- Opening Delimiter -

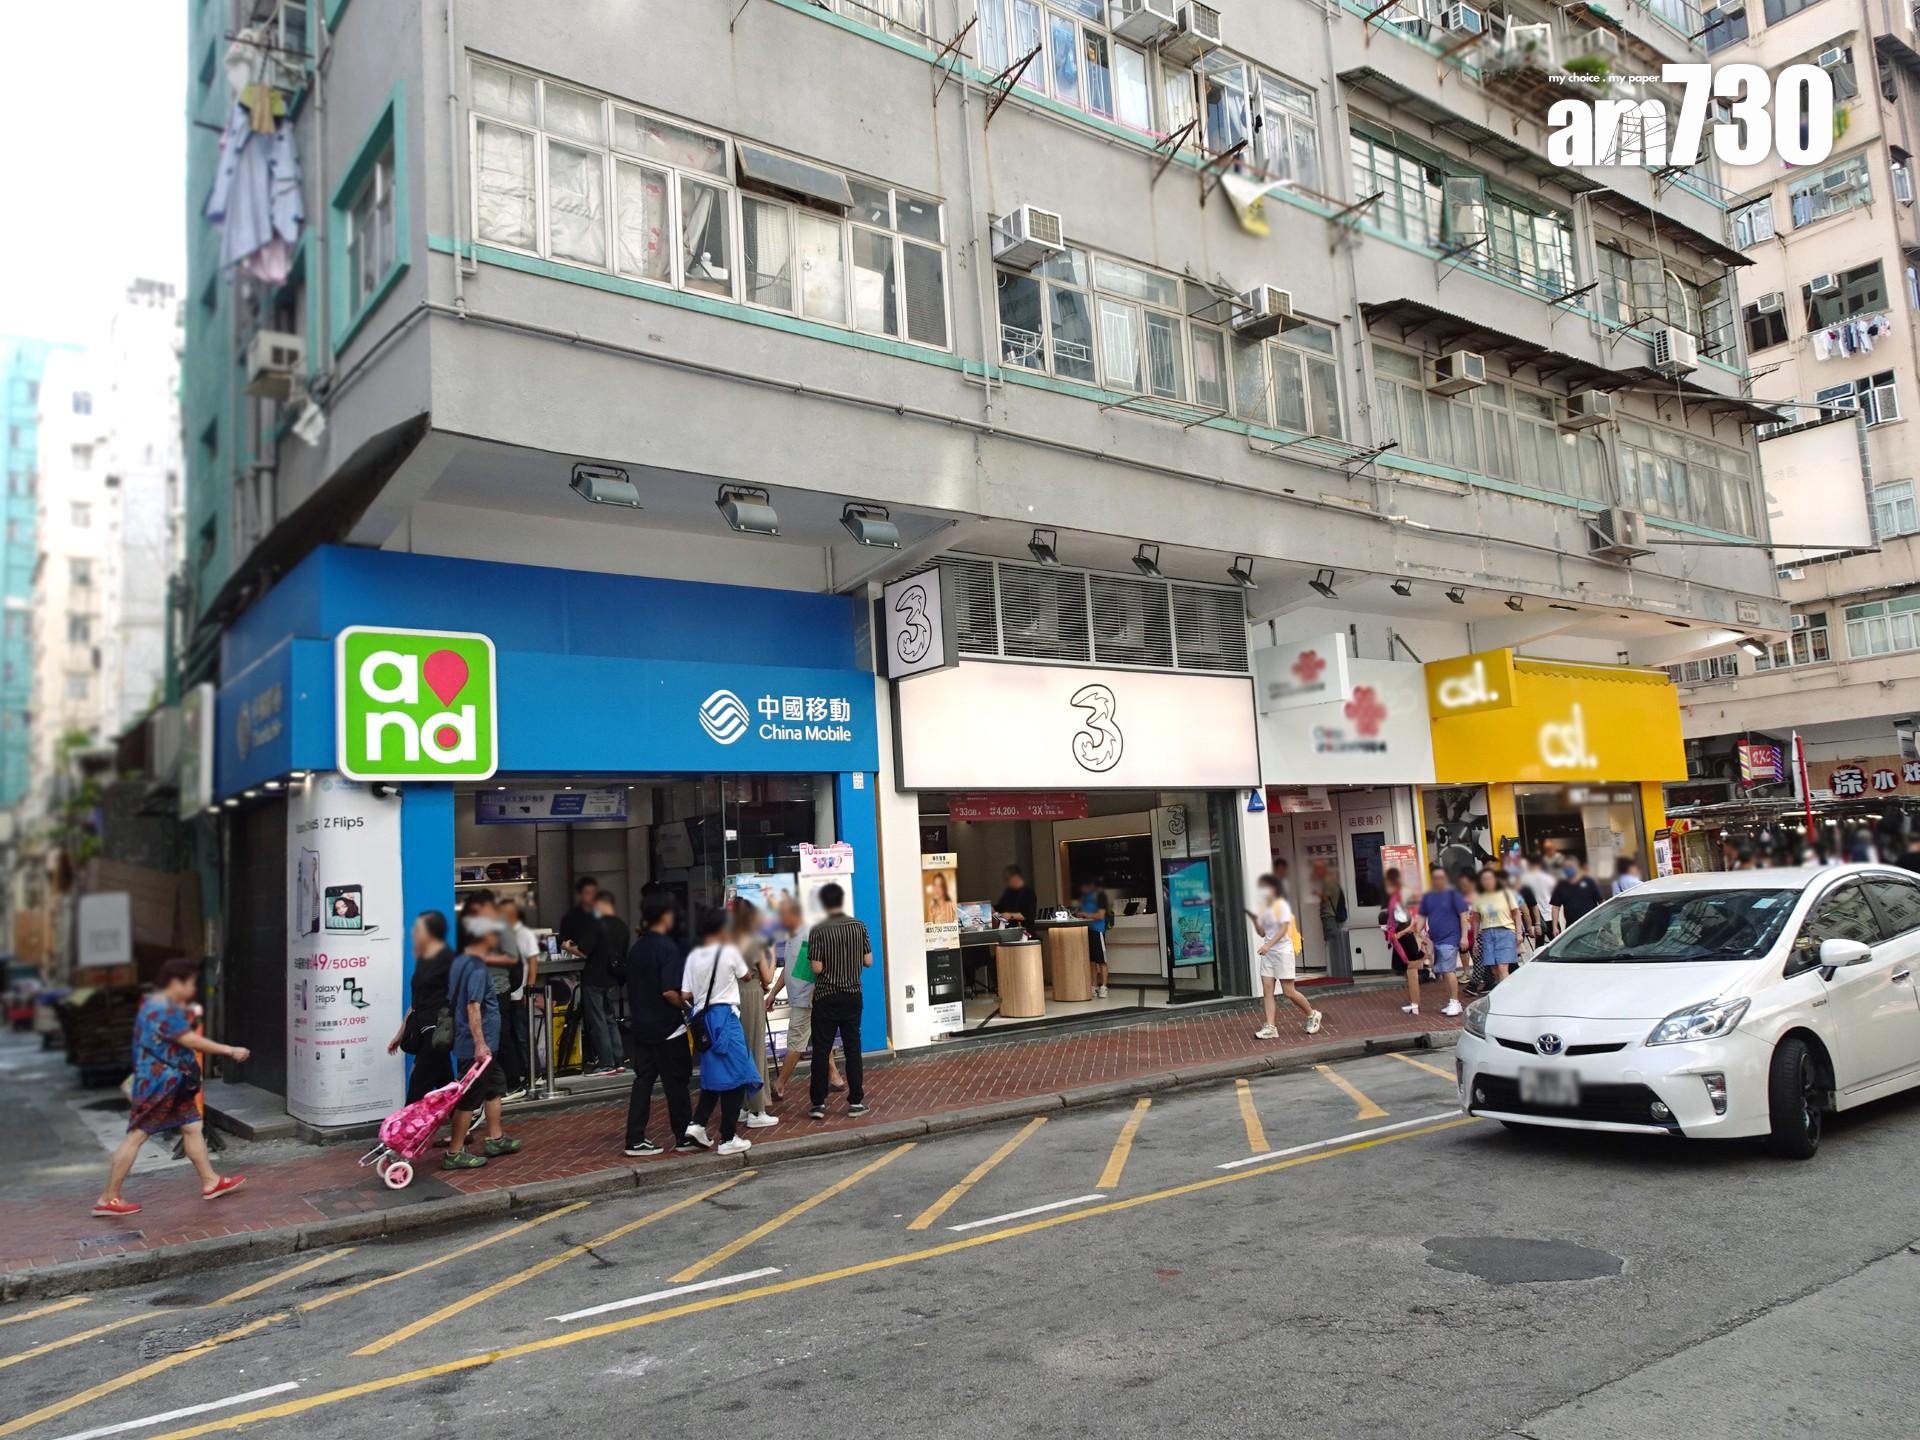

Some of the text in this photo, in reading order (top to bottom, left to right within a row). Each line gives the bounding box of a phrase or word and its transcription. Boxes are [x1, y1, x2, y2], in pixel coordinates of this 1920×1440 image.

[895, 584, 932, 664] 3
[758, 694, 851, 722] 中國移動
[759, 724, 852, 742] China Mobile
[1070, 683, 1123, 773] 3
[333, 817, 364, 830] Flip5

- Closing Delimiter -

> [The problem]
Copy every record verbatim while leaving each picture out.

> [Response to this exercise]
Some of the text in this photo, in reading order (top to bottom, left to right within a row). Each line gives the bounding box of a phrase or word and its transcription. Boxes are [x1, y1, x2, y2], in pixel coordinates of this 1920×1440 image.

[895, 584, 932, 664] 3
[758, 694, 851, 722] 中國移動
[759, 724, 852, 742] China Mobile
[1070, 683, 1123, 773] 3
[333, 817, 364, 830] Flip5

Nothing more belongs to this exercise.